■ **Activity**
Word for word, write out the entries that follow, omitting all pictures.

Text-to-region grounding data:
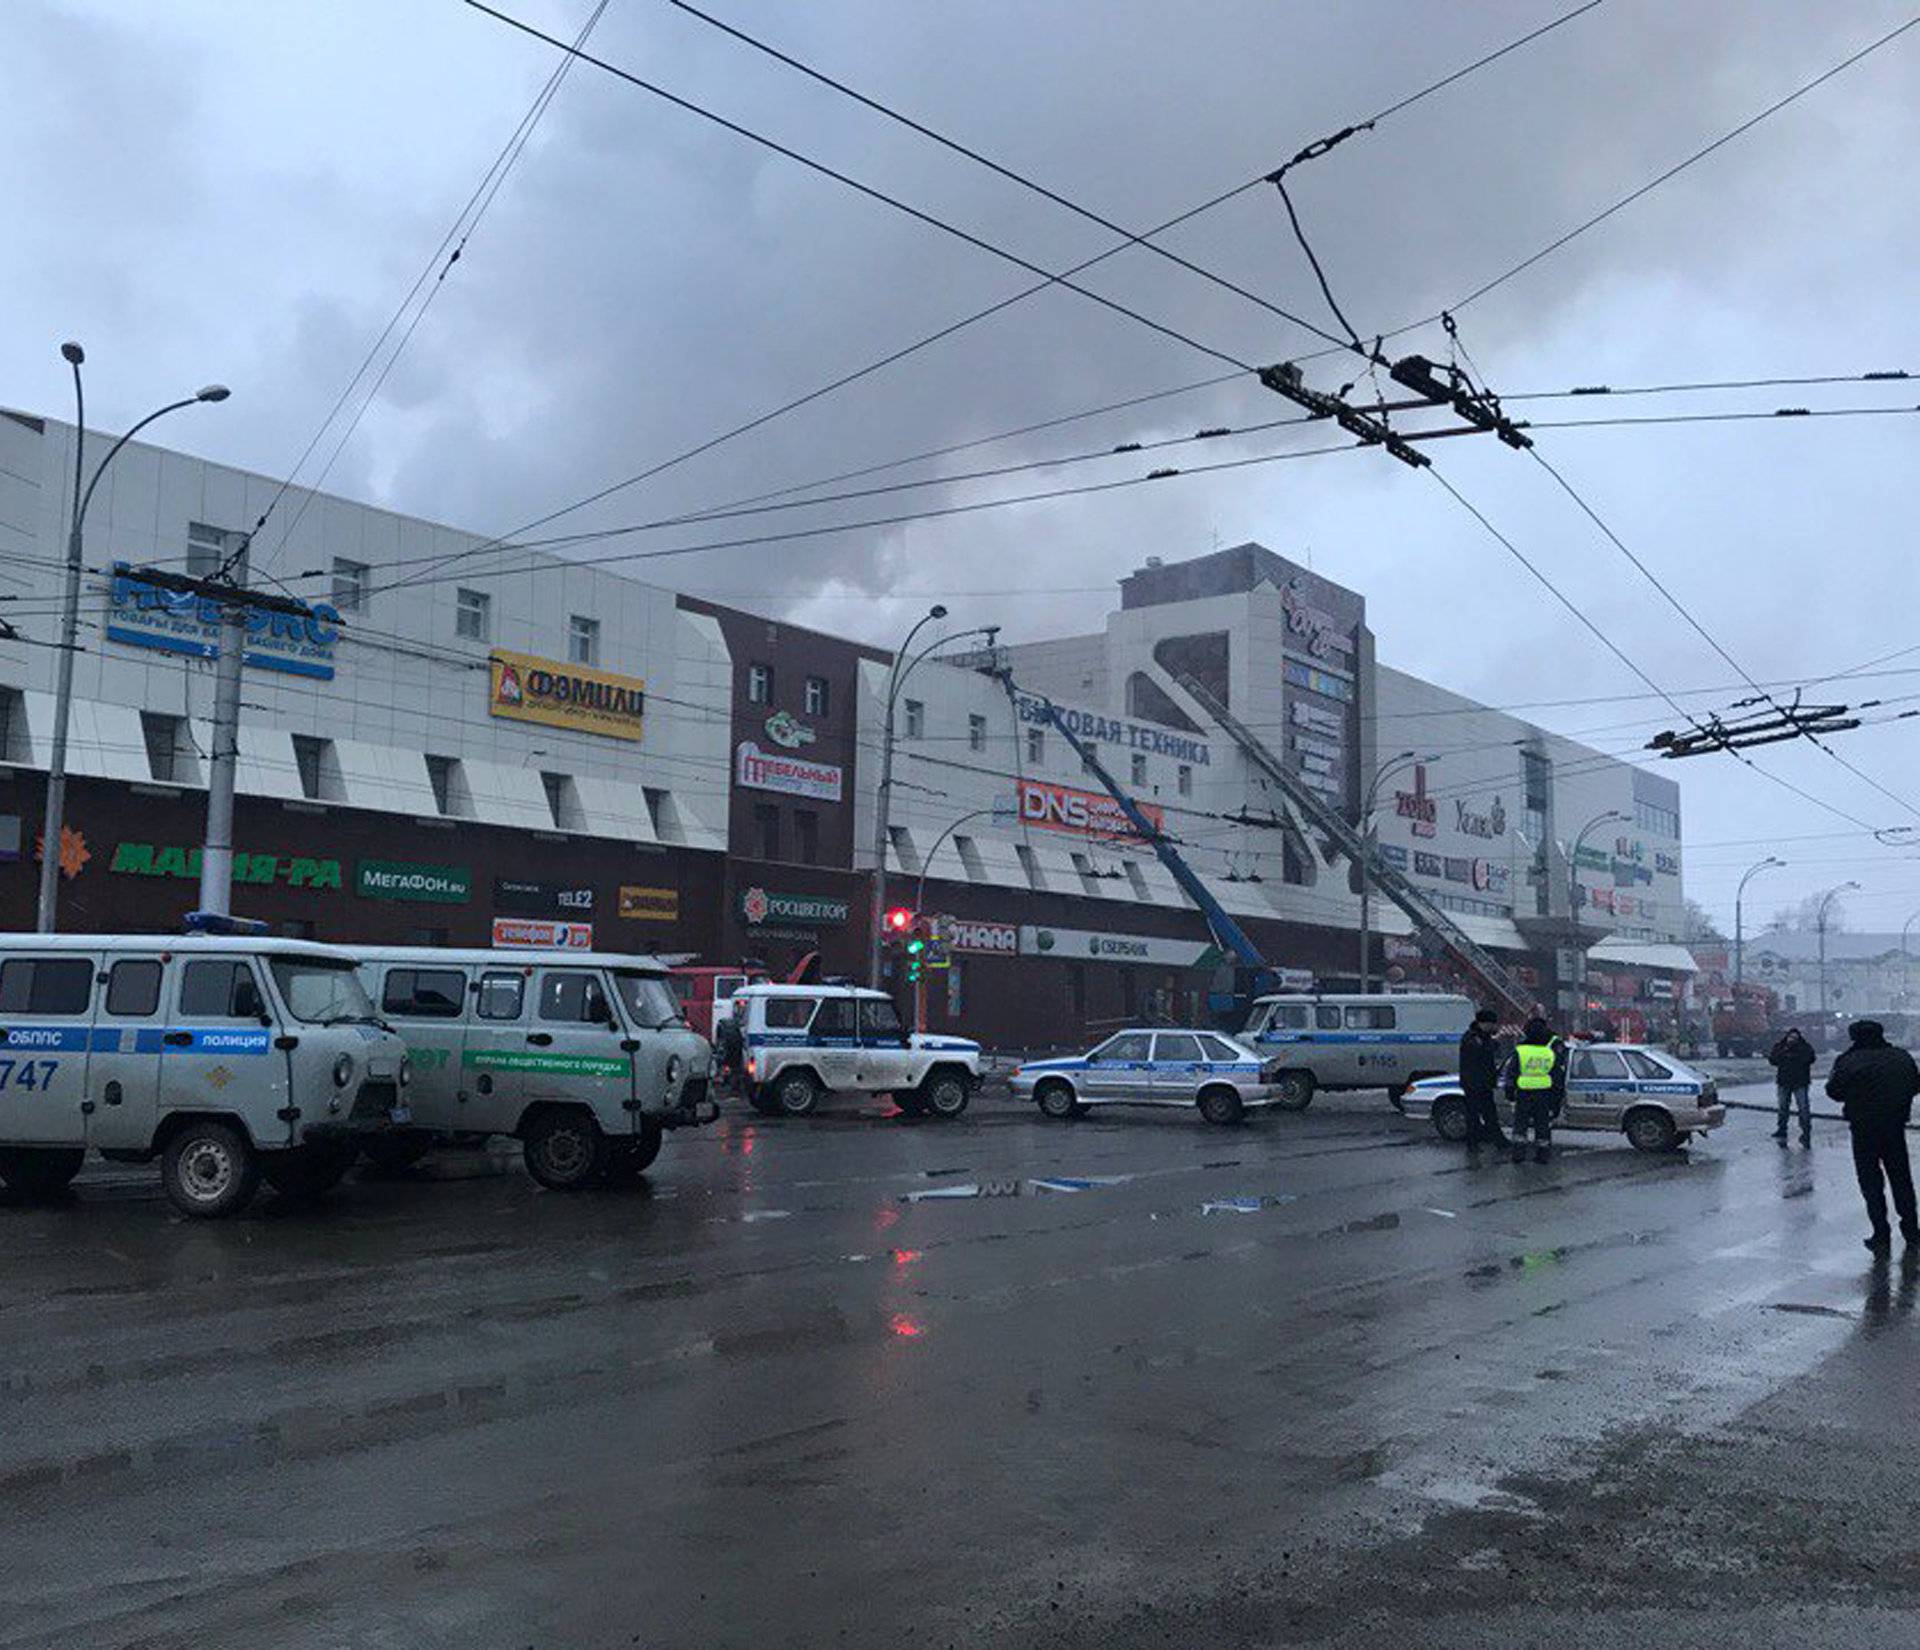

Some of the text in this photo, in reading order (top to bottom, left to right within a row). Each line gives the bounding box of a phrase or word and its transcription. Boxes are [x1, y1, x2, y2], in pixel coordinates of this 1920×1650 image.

[1018, 695, 1211, 767] БТОВАЯ ТЕХНИКА
[1024, 786, 1092, 830] DNS
[110, 843, 342, 890] МАЯ-РА
[558, 889, 592, 909] TELE2
[8, 1031, 62, 1047] ОБППС
[202, 1032, 267, 1049] ПОЛИЦИЯ

■ **Worked solution**
Some of the text in this photo, in reading order (top to bottom, left to right within a row). Each line gives the bounding box of a phrase or word and its transcription. Boxes are [x1, y1, x2, y2], in pixel coordinates of this 1920×1650 image.

[1018, 695, 1211, 767] БТОВАЯ ТЕХНИКА
[1024, 786, 1092, 830] DNS
[110, 843, 342, 890] МАЯ-РА
[558, 889, 592, 909] TELE2
[8, 1031, 62, 1047] ОБППС
[202, 1032, 267, 1049] ПОЛИЦИЯ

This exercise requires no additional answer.